The Nickel Tour

With all the stuff going around about the bird flu, I am reminded of one of the less glamourous management consulting projects I heard about (in general terms) last year in the turkey business.

Now in many operations projects, key goals are to improve business processes in dimensions such as:

  • average throughput
  • inventory backlog
  • peak capacity
  • quality
  • cycle-time
  • cost
  • risk/failure points

A company often has tons of business processes in place. Sometimes there may be a manageable set of predominant process flows, but then there can be a zillion microflows. One way for a consultant to get grounded in a situation in the face of this complexity is to go on a "nickel tour" with the client .

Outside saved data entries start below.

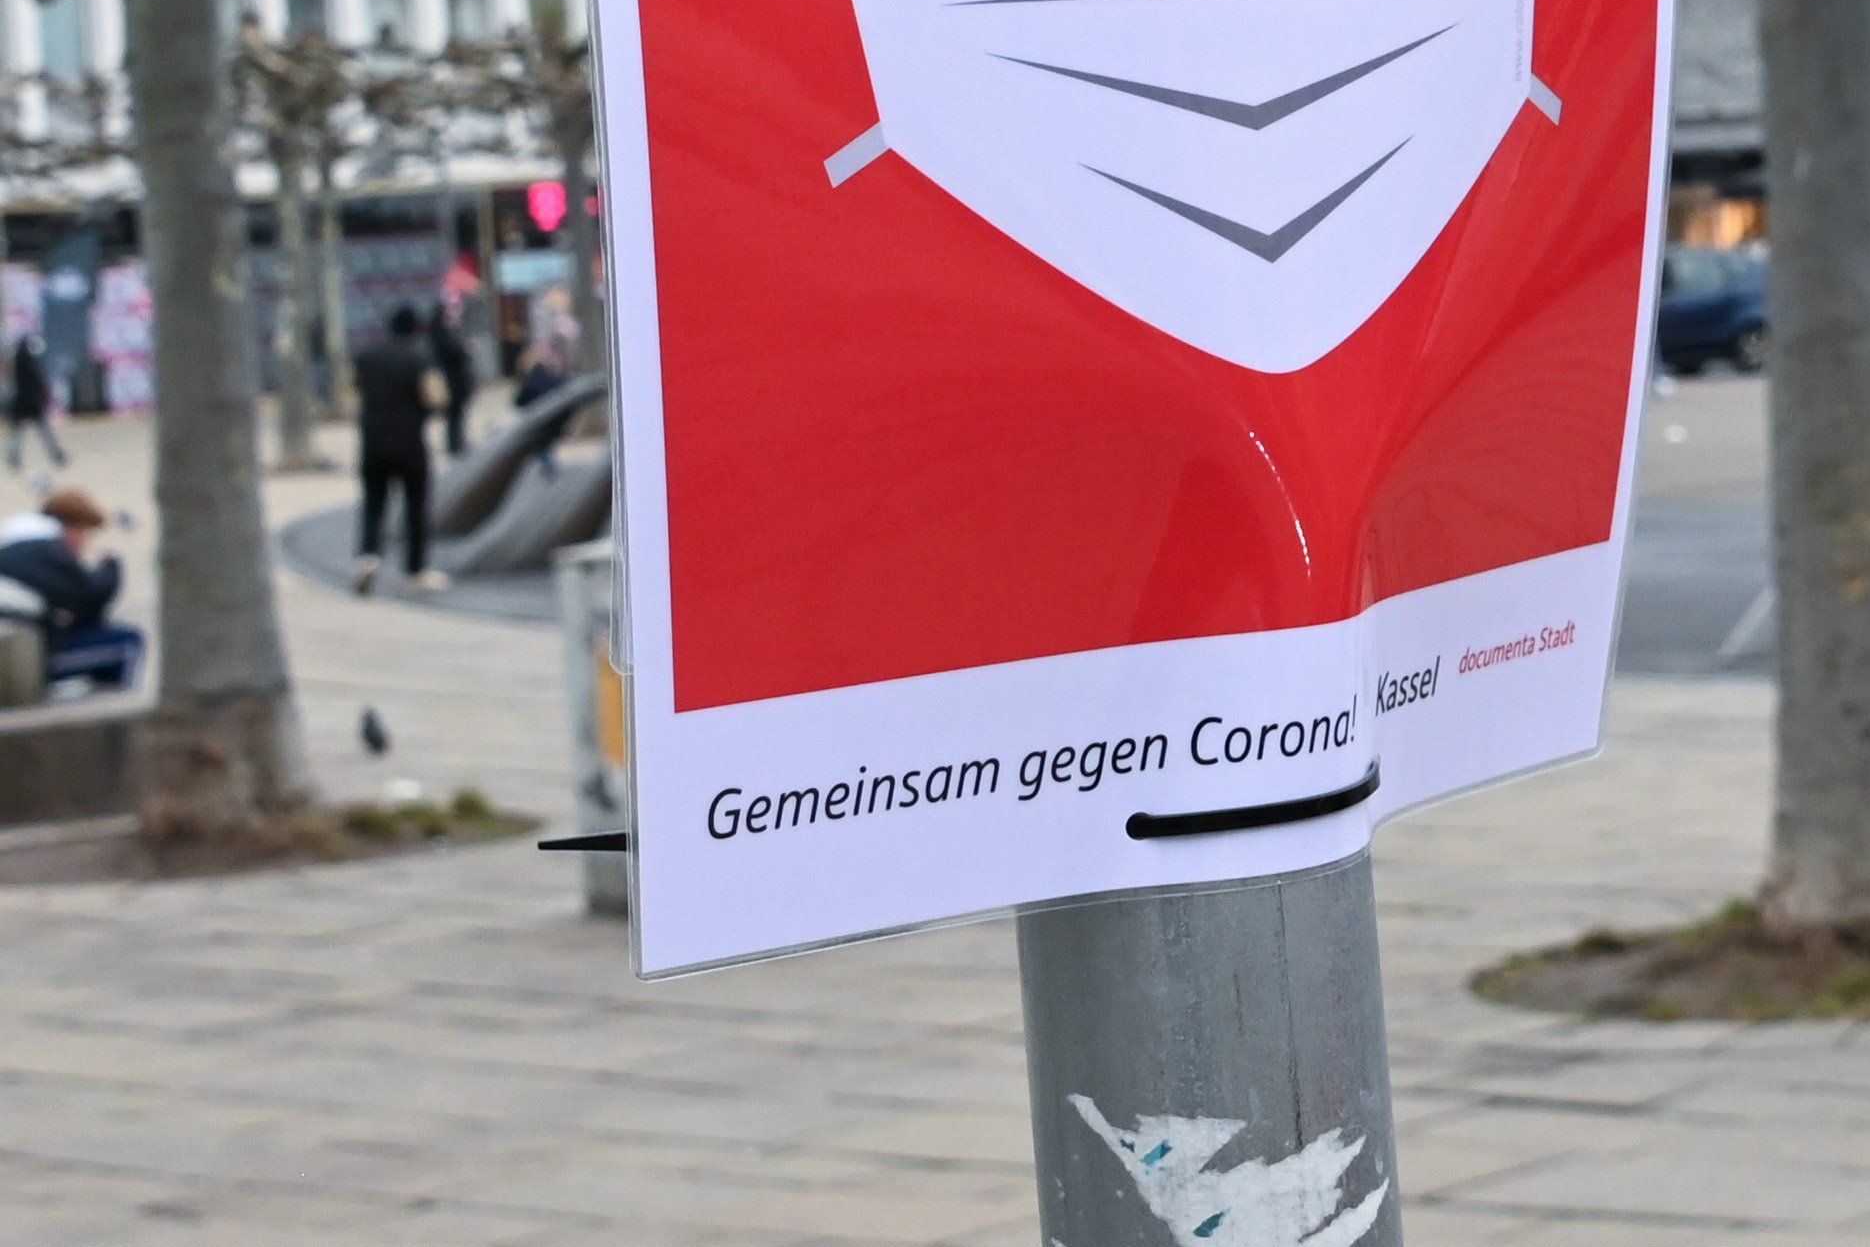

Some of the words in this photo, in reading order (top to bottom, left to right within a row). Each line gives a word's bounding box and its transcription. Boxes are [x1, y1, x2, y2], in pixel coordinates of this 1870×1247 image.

[1375, 655, 1441, 717] Kassel
[1458, 636, 1536, 674] documenta
[1538, 620, 1576, 652] Stadt
[707, 757, 1000, 840] Gemeinsam
[1017, 734, 1169, 802] gegen
[1190, 693, 1357, 766] Corona!

In the case of the management consultant I met with, the goal of current project was to reduce the number of injuries in the processing plants of one of the big turkey producers (I presume to reduce lawsuits, etc.). The automated equipment in certain sectors of the meat business, as I understand things, can be quite scary. Not for the faint-hearted for sure, some of the equipment used can separate the meat from bone (of entire animals) in matters of a few seconds. Imagine what can happen if your arm gets caught in the machine …

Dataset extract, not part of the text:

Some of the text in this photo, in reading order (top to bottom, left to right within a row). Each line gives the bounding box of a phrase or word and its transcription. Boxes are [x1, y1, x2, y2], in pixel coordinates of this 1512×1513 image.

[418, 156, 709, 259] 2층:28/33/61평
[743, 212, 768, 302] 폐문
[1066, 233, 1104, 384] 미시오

So day 1 the consultant arrives on the scene, and one of the plant workers hands the consultant a pair of rubber boots to go on a "nickel tour" of the plant. I don’t think the tour was of the slaughterhouse, but one can imagine that the scene was not everything a recent MBA grad dreams of doing as a consultant.

To generalize, in many nickel tours, the client walks the consultant through the backoffice, introduces sales personnel, has them sit in with customer service representatives, attend working meetings related to information technology user sessions, etc. The purpose is to give the consultant a ground floor view of what happens in the business (plus an opportunity to ask questions). The nickel tour helps to compress a complex view of the business into one short experience. While a lot of the tour can turn out to be a bunch of chit-chat and small talk, I have often turned the nickel tour into a very useful experience. The nickel tour can be a very valuable source for initial checkpoint information for the consultant (e.g., if the consultant sees large piles of inventory, frazzled or distressed workers, disorganized workspaces). A consultant may also meet people on the tour that can serve as useful sources of information later in an engagement.

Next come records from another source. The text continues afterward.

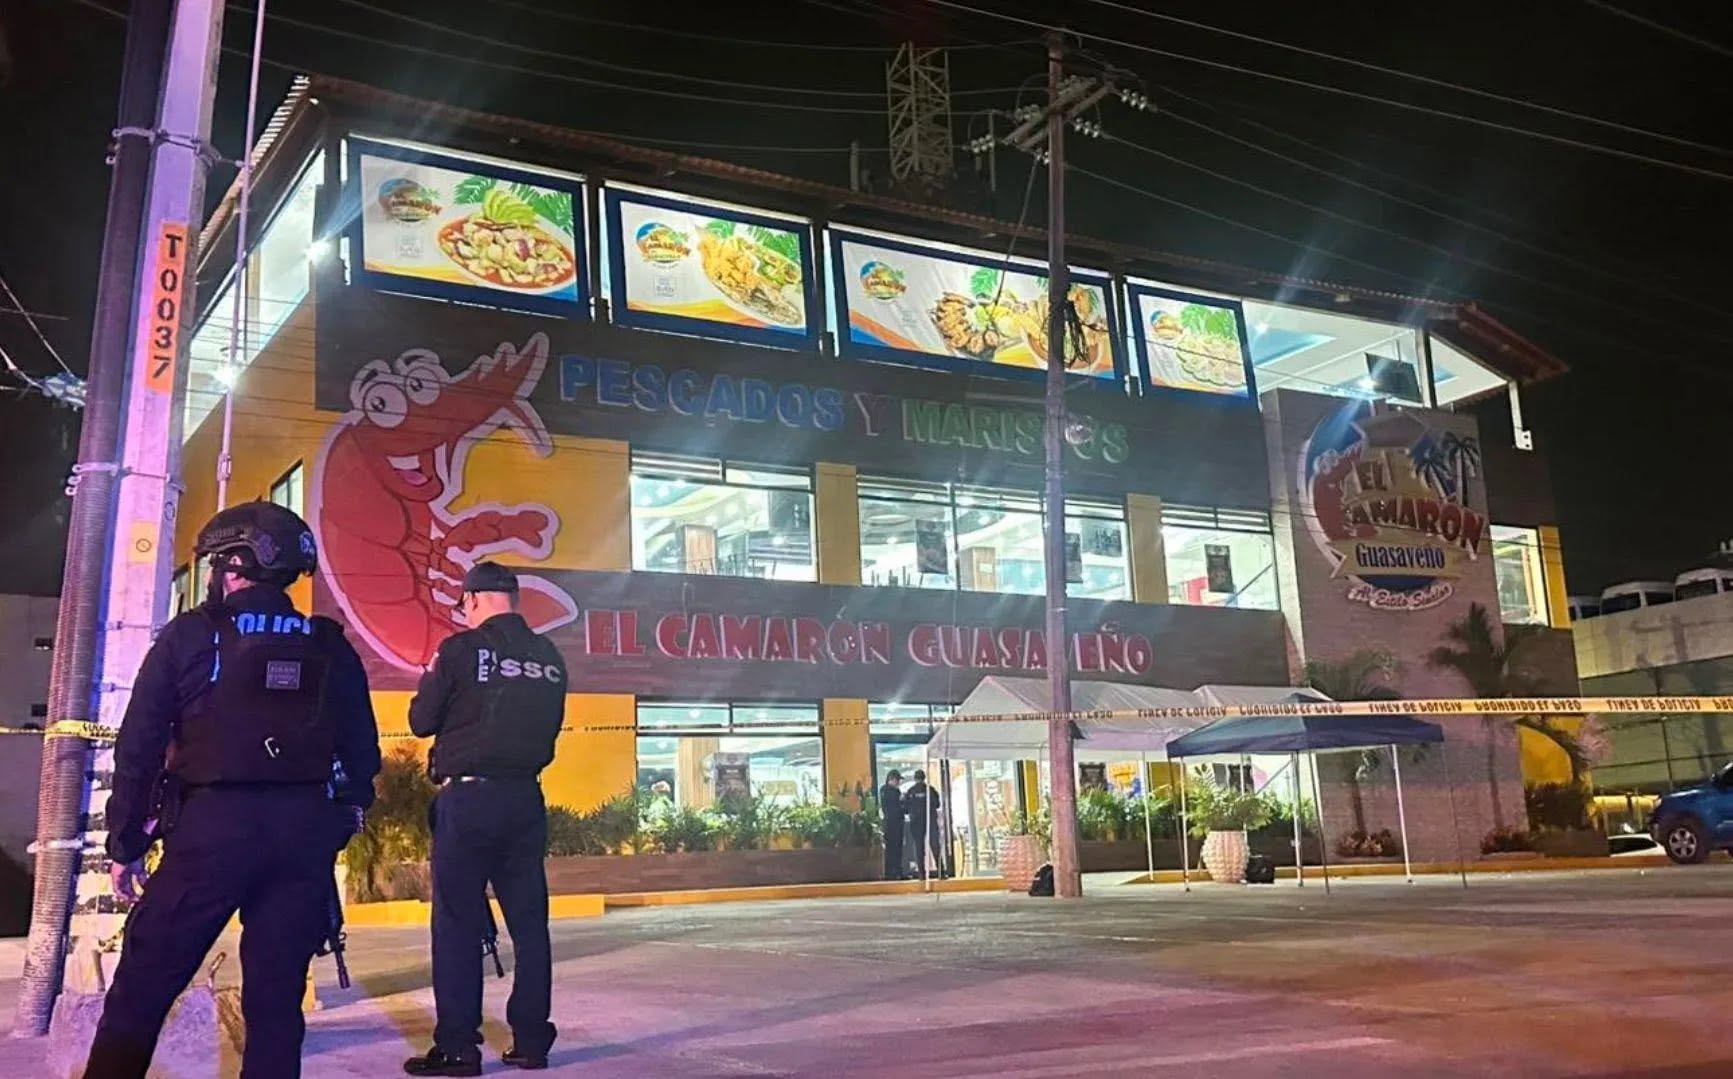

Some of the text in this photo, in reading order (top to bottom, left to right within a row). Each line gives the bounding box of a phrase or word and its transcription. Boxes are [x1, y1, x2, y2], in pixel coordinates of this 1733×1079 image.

[152, 233, 183, 380] T0037
[559, 355, 1130, 465] PESCADOS Y MARISOS
[1353, 460, 1390, 492] EL
[499, 658, 561, 684] SSC
[583, 605, 1155, 676] EL CAMARÓN GUASAEÑO
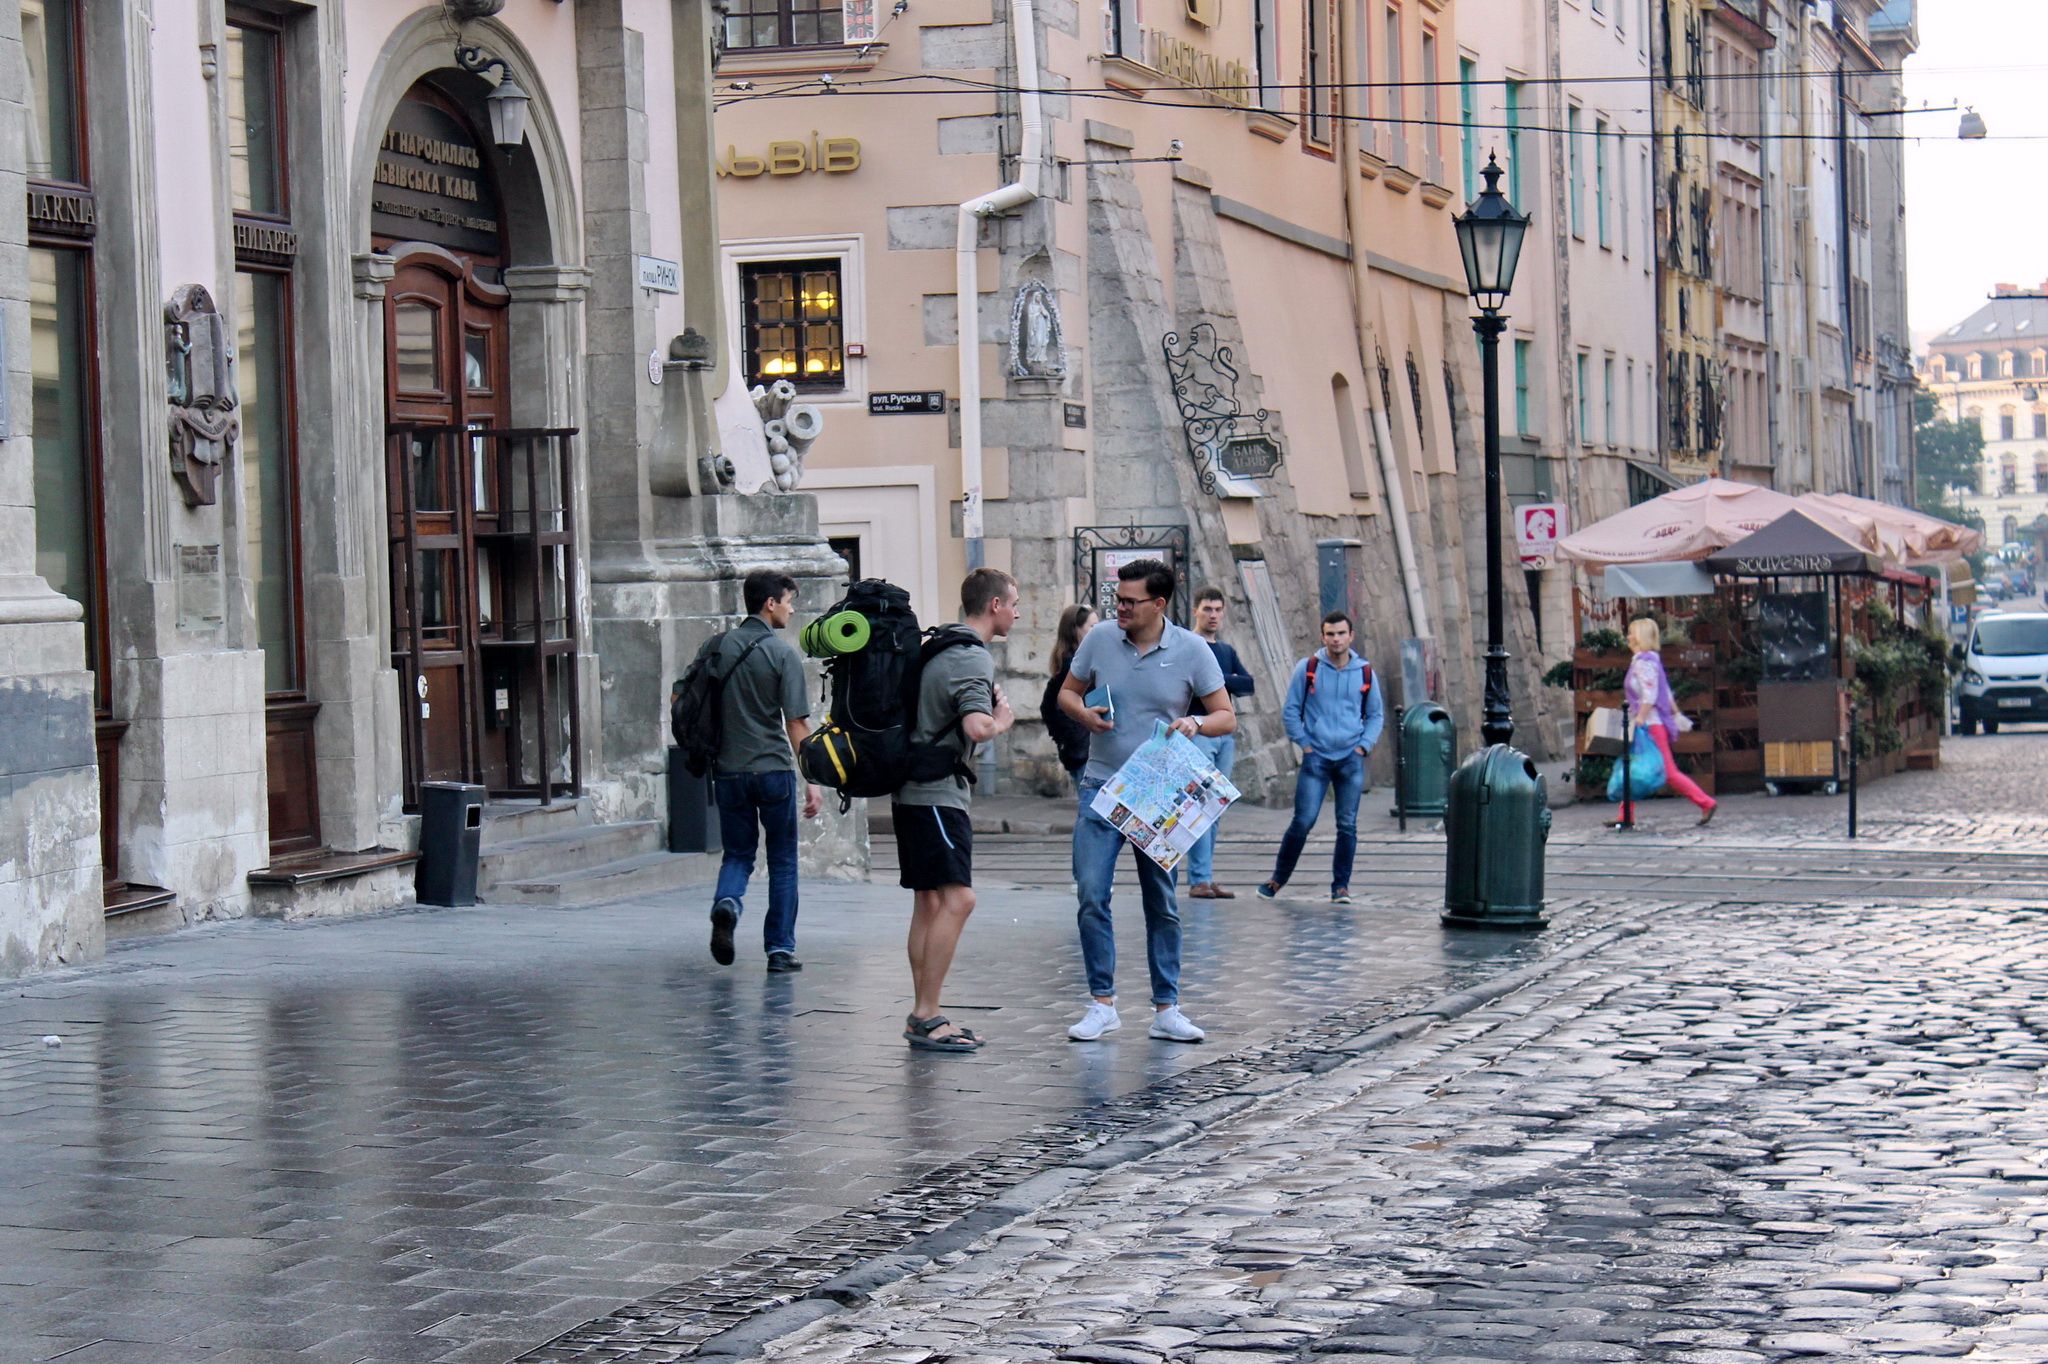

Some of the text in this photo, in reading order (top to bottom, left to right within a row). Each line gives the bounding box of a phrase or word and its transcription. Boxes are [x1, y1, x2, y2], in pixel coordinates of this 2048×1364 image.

[400, 135, 480, 169] НАРОДИЛАСЬ
[373, 160, 478, 201] ЛЬВІВСЬКА КАВА
[233, 225, 300, 256] НИГАРНЯ
[890, 394, 922, 404] Руська

On the flip-side, a consultant needs to be wary of "stage plays". This is a case where the nickel tour is not a real tour of operations, but a case where someone (within the client operations) has dressed up the situation to be different or better than it really is on a day-to-day basis.

In any case, make sure to think about giving or getting a nickel tour in a consulting relationship. Although it is not always possible or desirable in some cases to give a nickel tour, a nickel tour can really help consultants get a "live" feel for the business at hand.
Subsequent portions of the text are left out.